The newest “break through” in education is neuroscience or brain research, a field that until recently has been foreign to educators. While many past programs generated a great deal of interest, rarely has one amassed a following so enthusiastic as this one. In the past few years numerous national educational conference have been devoted entirely to the brain. Some mention of brain research has become de rigeur in grant proposals and staff development plans. Hundreds of books tout everything from brain-compatible mathematics instruction to brain-based classroom environment. (I recently saw a book on an educational vendor’s rack titled “Brain-compatible Worksheets…which may be an oxymoron!) An internet search of links that included “brain” and “education” produced over 400,000 sites.
Our fascination with the brain is not difficult to understand. We seem to have always had an innate curiosity about how our brains function, how we learn and how we remember. It’s not surprising to discover throughout hundreds of years of history, theories have been generated to explain the elusive qualities of the human brain. Plato likened the brain to a ball of wax that becomes grooved as we learn and recall information over the same pathways. Aristotle thought that the heart was the source of memory and the brain served to cool the blood. In the mid 1660s, Descartes proposed that fluids in the ventricles of the brain controlled motor activity but human mental capabilities existed outside the brain in the mind. And as late as 1850, Franz Joseph Gall “reading” the innate propensities of people by feeling the lumps and bumps on their skulls, was all the rage.
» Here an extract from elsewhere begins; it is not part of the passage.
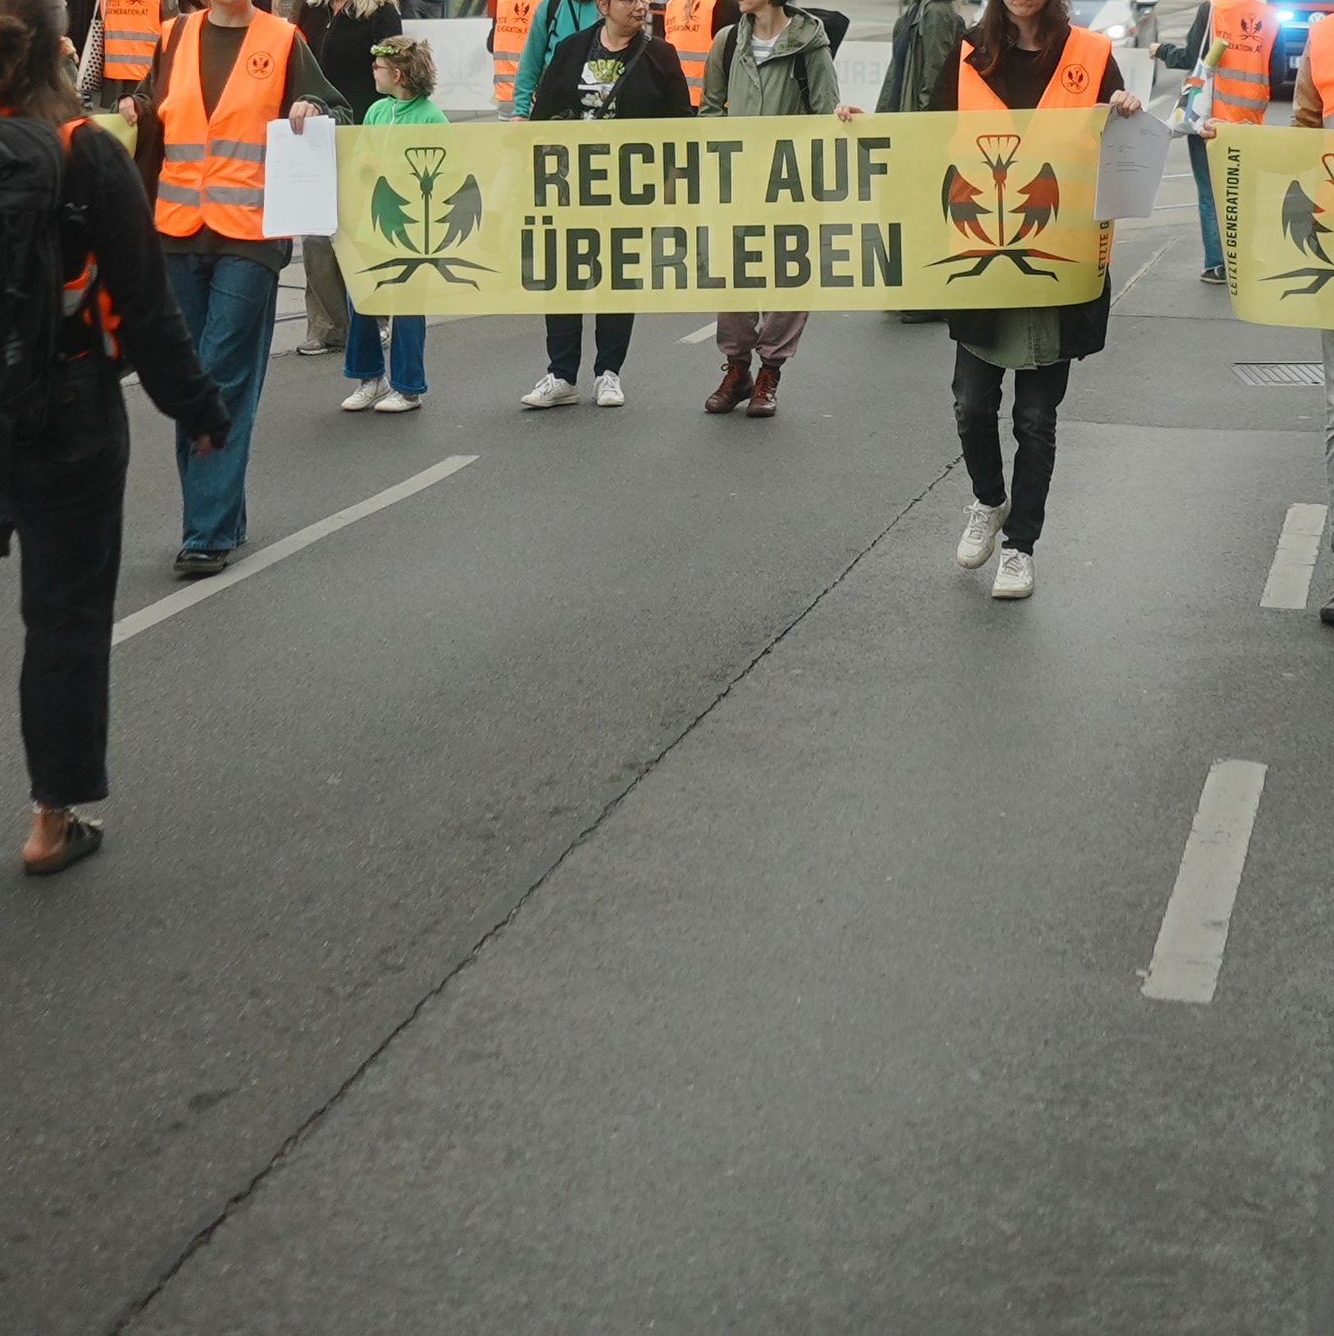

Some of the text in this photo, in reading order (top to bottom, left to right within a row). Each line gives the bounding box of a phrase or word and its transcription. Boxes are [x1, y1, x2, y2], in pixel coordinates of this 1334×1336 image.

[533, 137, 891, 207] RECHT AUF
[521, 215, 903, 292] ÜBERLEBEN
[1098, 233, 1109, 278] LETZTE
[1226, 146, 1241, 296] LETZTE GENERATION.AT
We may smile at the naivete of Plato, Aristotle, Descartes, or Gall ,but we have our own modern myths. For instance, the terms “right-brained” and “left-brained” are found commonly in conversation and writing. Robert Ornstein in his book, The Right Mind, calls our misunderstanding of the brain’s two hemispheres dichotomania. While each hemisphere does have specialized functions, they work in concert with one another at all times. To explain a person’s personality by stating that it is a preference for one hemisphere over the other is inaccurate and misleading. Another common myth is that we use only 10% of our brain. A quick look at a PET or fMRI image dispels this myth very quickly. Never will you see activity in just 10 % of the brain.
Educators are perhaps more captivated by brain research than the general public. The reason is not difficult to understand; the brain is the organ of learning but we haven’t understood how it works! Our students’ brains have been black boxes with their secrets locked inside. The knowledge base from which we’ve generated our decisions has been limited by what the behavioral sciences could provide which hasn’t always been sufficient. Of necessity we’ve operated intuitively. Intuition has worked well in many instances but has left us without the ability to articulate our craft to others. Because of this, we’ve become, as Bob Sylwester puts it, a folklore profession. This lack of scientific knowledge has put us at the mercy of lay boards and politicians who have sometimes made decisions that are unrelated to what we know is best for students.
So the appeal and interest in the neuroscientific research is understandable. But where are we going with our newfound information? Will this become another fad or are we finally on the edge of acquiring a scientifically-based theory of teaching and learning? I think it has the potential to go either way. Which way depends on how we educators interpret and use the research. Unfortunately, some consultants and educators are proposing “brain-based” programs and strategies that have not been tested in classrooms. Running ahead of the research before sound clinical trials and testing of new hypotheses have been completed, makes us vulnerable to the criticism of jumping on yet another bandwagon.
Uncritical acceptance of what we read or hear in the media can be problematic. Media reports on science spare the humdrum details and sometimes exaggerate, misconstrue, and fabricate results. For example, a report in a Minneapolis newspaper reported that Fran Rauscher and Gordon Shaw at the University of California, Irvine found that 17 of 19 school children who received music lessons for 8 months “increased their IQs by an average of 46%.” The actual research done by Rauscher and Shaw found that a specific type of music lesson increased spatial temporal reasoning in the students, not IQ scores.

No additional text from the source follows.